The curious incident of the racist in Parliament

This is a guest post by Reubs Walsh. Reubs describes themselves as a pseudopansexual genderqueer. Their mother has Multiple Sclerosis, and their father has been absent since Reubs was aged 9. Reubs has Asperger’s Syndrome and has always, in some way, expressed themself as queer. Being a polyamourous queer Christian presents its challenges, but MCC is a very liberal denomination (the head of the International Fellowship is a lesbian), which helps. Reubs is currently finishing a degree in which Neuroscience has been their main option, at Oxford.

 “Mr Tim Loughton!” announced the Speaker of the House, and the members in the chamber roared their welcome. Mr Loughton is a former MP who was investigated over the course of 6 months by the police for allegations of racism, after his response to a Romany constituent’s complaint that the local council had described him as “unkempt,” belittled the constituent, Mr Francis. Mr Loughton reported to the house on Friday how he had provided in his letter to the constituent a “dictionary definition” of the word as “untrimmed, dishevelled and rough”, and saying that he found the description to be “eminently accurate”. He also swore at Mr Francis in the email.

At this stage in proceedings I was thinking that Mr Loughton’s description of his own behaviour painted him as someone who made a mistake. I could not have been more wrong. His obvious fury at being investigated on charges of racism by the police strikes me as bizarrely elitist – his job is to represent the public, not to be above them, or the law which he has helped shape, and which governs us all – and paints him very much as the victim of a system that he subsequently described as suffering a “culture of political correctness”.
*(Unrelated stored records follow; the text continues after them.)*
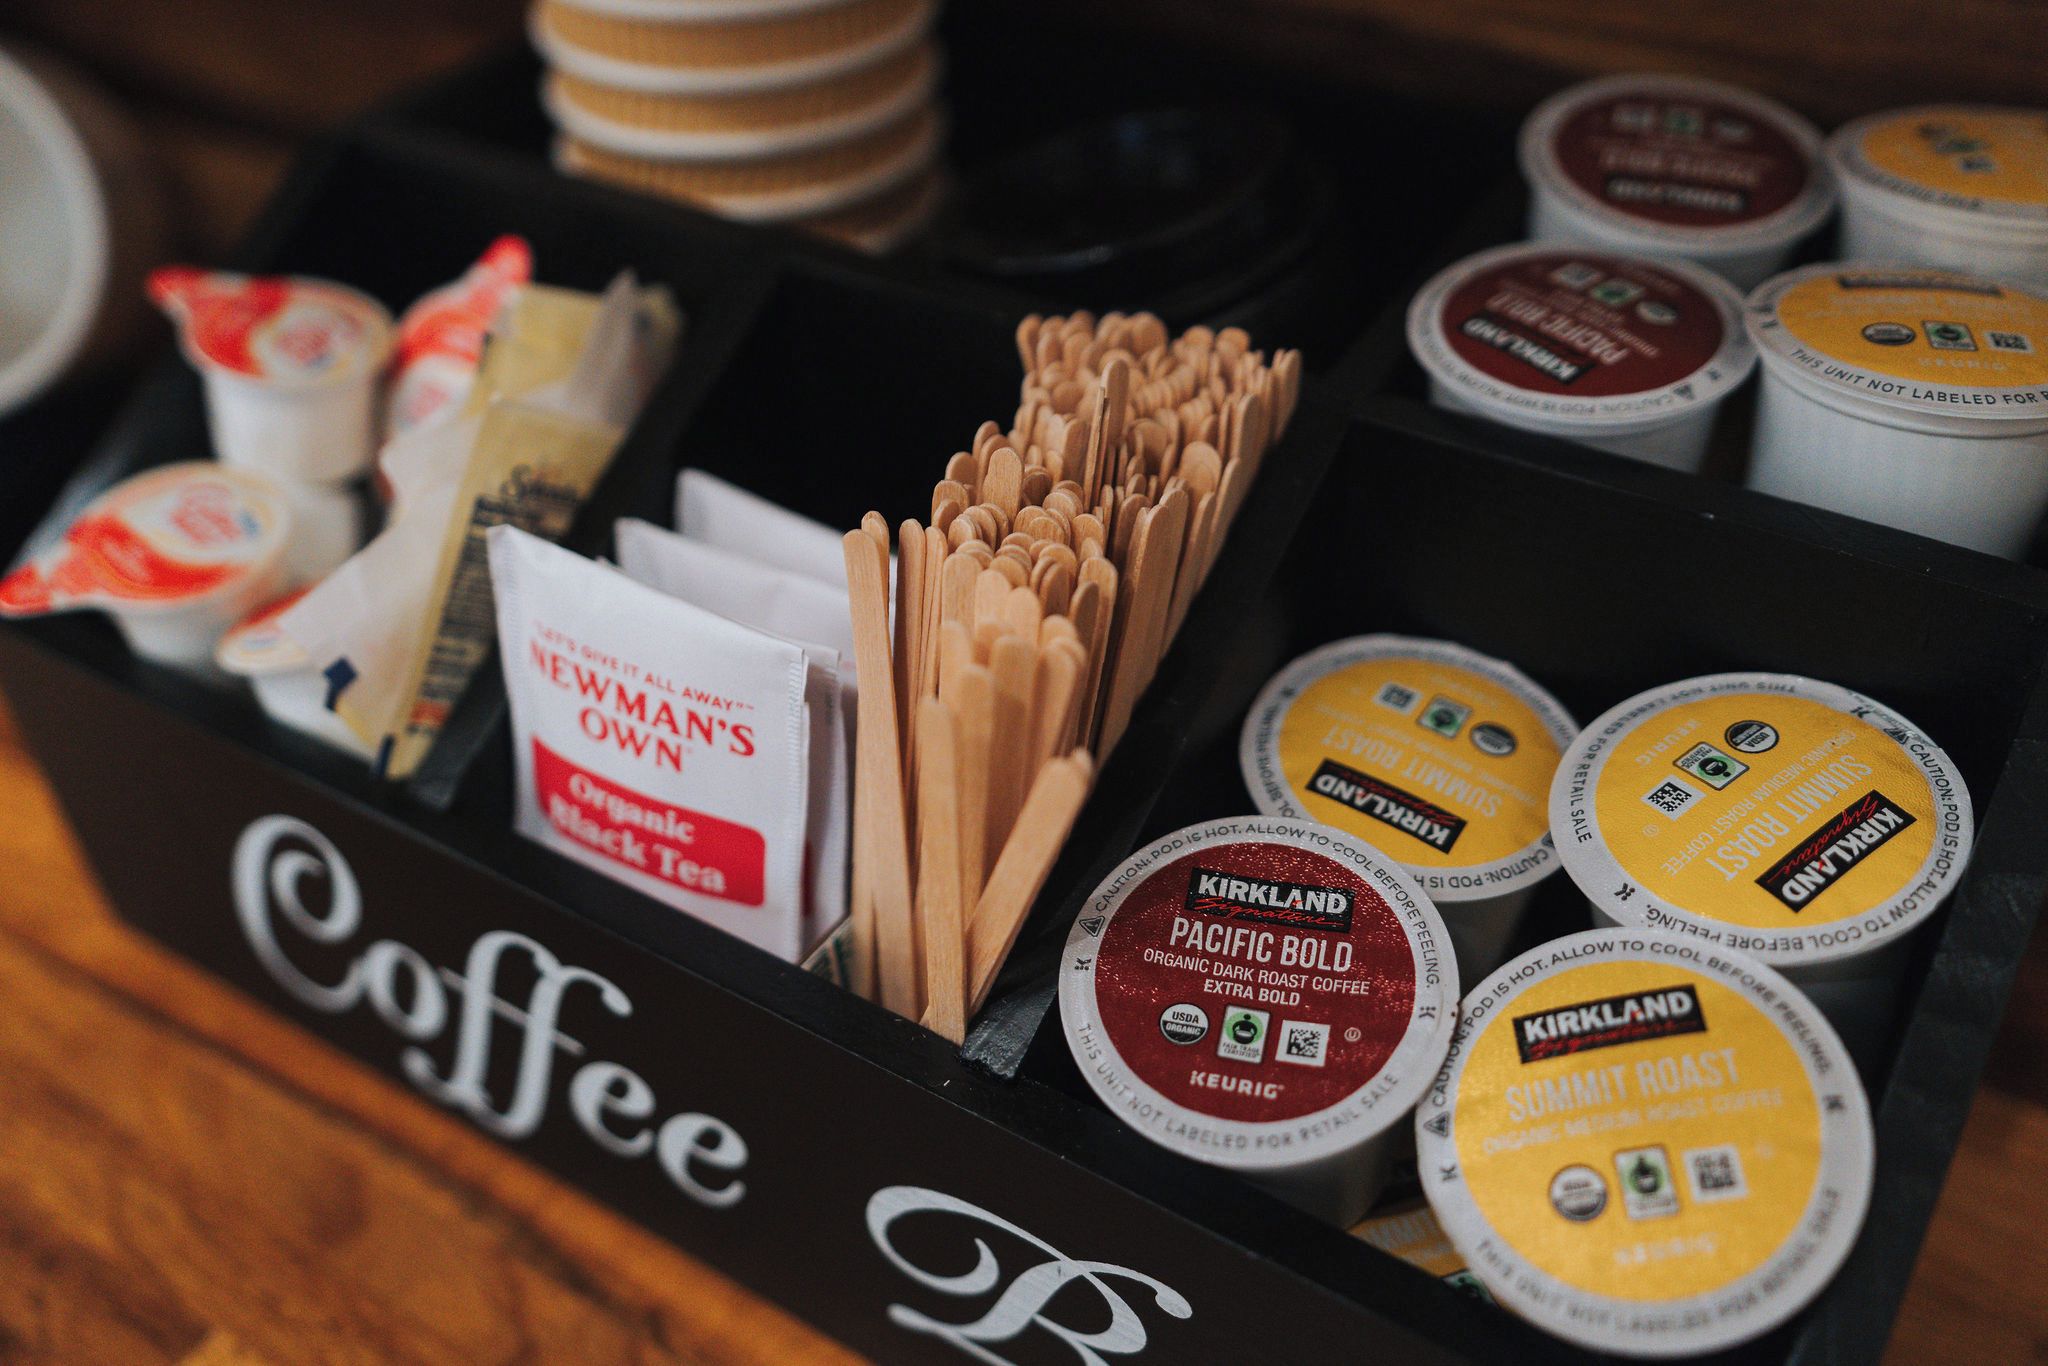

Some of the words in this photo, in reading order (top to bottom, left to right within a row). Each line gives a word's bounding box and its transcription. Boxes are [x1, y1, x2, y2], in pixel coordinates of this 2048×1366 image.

[1789, 349, 1824, 368] THIS
[1824, 364, 1865, 384] UNIT
[1867, 378, 1906, 396] NOT
[1912, 387, 1997, 406] LABELED
[2002, 391, 2039, 405] FOR
[581, 643, 619, 671] GIVE
[623, 661, 640, 679] IT
[644, 672, 676, 694] ALL
[529, 638, 756, 758] NEWMAN'S
[578, 706, 684, 774] OWN
[1587, 736, 1608, 761] FOR
[1744, 731, 1771, 748] USDA
[1402, 758, 1506, 819] SUMMIT
[1569, 763, 1591, 807] RETAIL
[1750, 761, 1806, 802] MEDIUM
[1775, 753, 1872, 825] SUMMIT
[1910, 743, 1953, 801] CAUTION:
[568, 772, 696, 844] Organic
[1315, 773, 1452, 848] KIRKLAND
[1570, 807, 1593, 844] SALE
[1711, 794, 1757, 839] ROAST
[1942, 803, 1960, 836] POD
[547, 793, 649, 869] Black
[652, 841, 727, 893] Tea
[1660, 831, 1715, 877] COFFEE
[1705, 810, 1790, 881] ROAST
[1767, 793, 1879, 884] Signature
[1781, 806, 1904, 903] KIRKLAND
[1943, 836, 1959, 848] IS
[1428, 875, 1445, 889] IS
[1450, 874, 1484, 889] POD
[1484, 850, 1549, 885] CAUTION:
[1929, 848, 1956, 880] HOT.
[1095, 859, 1152, 914] CAUTION:
[1150, 836, 1183, 862] POD
[1183, 829, 1202, 843] IS
[1204, 824, 1243, 840] HOT.
[1244, 823, 1306, 840] ALLOW
[1307, 832, 1331, 848] TO
[1331, 841, 1374, 875] COOL
[1373, 867, 1423, 925] BEFORE
[1412, 918, 1441, 989] PEELING.
[1194, 894, 1344, 928] Signature
[1197, 873, 1349, 916] KIRKLAND
[1888, 878, 1937, 922] ALLOW
[1168, 916, 1275, 963] PACIFIC
[1279, 935, 1354, 973] BOLD
[1645, 904, 1722, 943] PEELING.
[1725, 932, 1804, 951] BEFORE
[1807, 924, 1863, 949] COOL
[1864, 914, 1892, 933] TO
[1142, 947, 1210, 973] ORGANIC
[1212, 961, 1255, 983] DARK
[1257, 969, 1309, 989] ROAST
[1311, 976, 1371, 996] COFFEE
[1202, 978, 1254, 1001] EXTRA
[1257, 985, 1301, 1007] BOLD
[231, 814, 749, 1207] Coffee
[1164, 1022, 1202, 1036] ORGANIC
[1171, 1011, 1200, 1025] USDA
[1432, 1024, 1470, 1108] CAUTION:
[1463, 995, 1496, 1032] POD
[1493, 980, 1511, 999] IS
[1509, 959, 1550, 988] HOT.
[1551, 940, 1615, 966] ALLOW
[1620, 939, 1644, 952] TO
[1649, 941, 1702, 964] COOL
[1707, 956, 1777, 1002] BEFORE
[1523, 990, 1693, 1044] KIRKLAND
[1076, 1022, 1099, 1061] THIS
[1096, 1061, 1130, 1097] UNIT
[1127, 1095, 1163, 1125] NOT
[1165, 1117, 1248, 1149] LABELED
[1255, 1135, 1293, 1149] FOR
[1301, 1106, 1360, 1141] RETAIL
[1360, 1072, 1400, 1109] SALE
[1189, 1070, 1280, 1100] KEURIG
[1504, 1063, 1628, 1122] SUMMIT
[1635, 1047, 1741, 1098] ROAST
The house are with him: when he reported in incredulous tones that describing a member of a racial minority which is known to have very different ideas about clothing and fashion from much of the rest of British society, was being investigated as a racist incident, the members in the chamber gave groans of sympathy. He went on; “So using the word ‘unkempt,’ Mr Speaker, is deemed as racist purely on the basis that a constituent with a grudge says it is, and the police go along with it.”

It was at this point that, listening to the conversation via podcast on my walk home from a meeting, I inhaled my hot chocolate comically. Surely, surely, a privileged Caucasian Member of Parliament is not dismissing the lived experience of a racial minority who he has knowingly insulted as no more than ‘a grudge’? I fiddled with my phone to play back what I thought I couldn’t have heard correctly. It was exactly as I had feared. A Caucasian member of a parliament without a single Romany member, in a country with approximately 300,000 Romany citizens, is deigning to define for the Romany people what does or does not constitute racism or oppression.
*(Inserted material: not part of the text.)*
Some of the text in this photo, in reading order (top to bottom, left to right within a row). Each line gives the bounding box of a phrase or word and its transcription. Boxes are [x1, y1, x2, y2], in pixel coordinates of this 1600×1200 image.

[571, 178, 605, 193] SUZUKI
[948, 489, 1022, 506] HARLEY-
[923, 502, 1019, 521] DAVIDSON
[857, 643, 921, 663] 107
I am not saying that what he said was racist; it is not for me, as a Caucasian, to discern; but it is certainly not for him, the perpetrator of the act that distressed Mr Francis, to discern it either.

Mr Loughton was furious with the way the police handled the complaint (or rather, from his choice of words, it would seem that he was angry that the police handled it at all) despite never being brought to court for what is clearly a matter in need of careful consideration. He called the investigation a waste of police resources, and as well as accusing the police force of being too “politically correct,” he said that officers lacked “common sense”: both expressions generally reserved for use by those who are prone to prefixing their political remarks with such classics as “I’m not racist, but…”

The police forces and the prosecution services of this country may well lack common sense, but that is not the issue here. The issue here is that there was concrete evidence of a very serious crime being committed by Mr Loughton, and this was deserving of investigation. Mr Loughton clearly thinks racism died with apartheid.

In recent news it has been reported that a woman was found guilty of disorderly conduct for an act of civil protest, and another woman was arrested in a fashion that, had the perpetrators not been police officers, would likely have been considered assault with a deadly weapon, without provocation (she vomited as a result of illness), while they harassed her in a manner that drew unnecessary attention to her trans status.

The former victim (for that is what they are) was told that she must have really ‘offended’ Mr Cameron. Clearly the police and the CPS don’t mind protecting wealthy white cisgender Etonian lawmakers’ feelings. This doesn’t sound like a force paralysed or indeed misdirected by “political correctness”. This is a force out of control, through inadequate training and funding. If they were receiving the training they need, perhaps the case of Mr Loughton’s misconduct would have been heard in court. If the law reflected the needs of society, perhaps Levenson wouldn’t have been needed and perhaps Burchill’s rant wouldn’t have seen publication.

But then, if the needs of society were a priority for Mr Cameron, he wouldn’t be able to receive huge party donations from corporate CEOs in Monaco, and he wouldn’t criticise Mr Milliband for listening to democratically elected Union officials.

The image shows the Romany flag. The background of the flag is split horizontally, half blue, half green, and there is a red spoked wheel in the middle. It is in the public domain.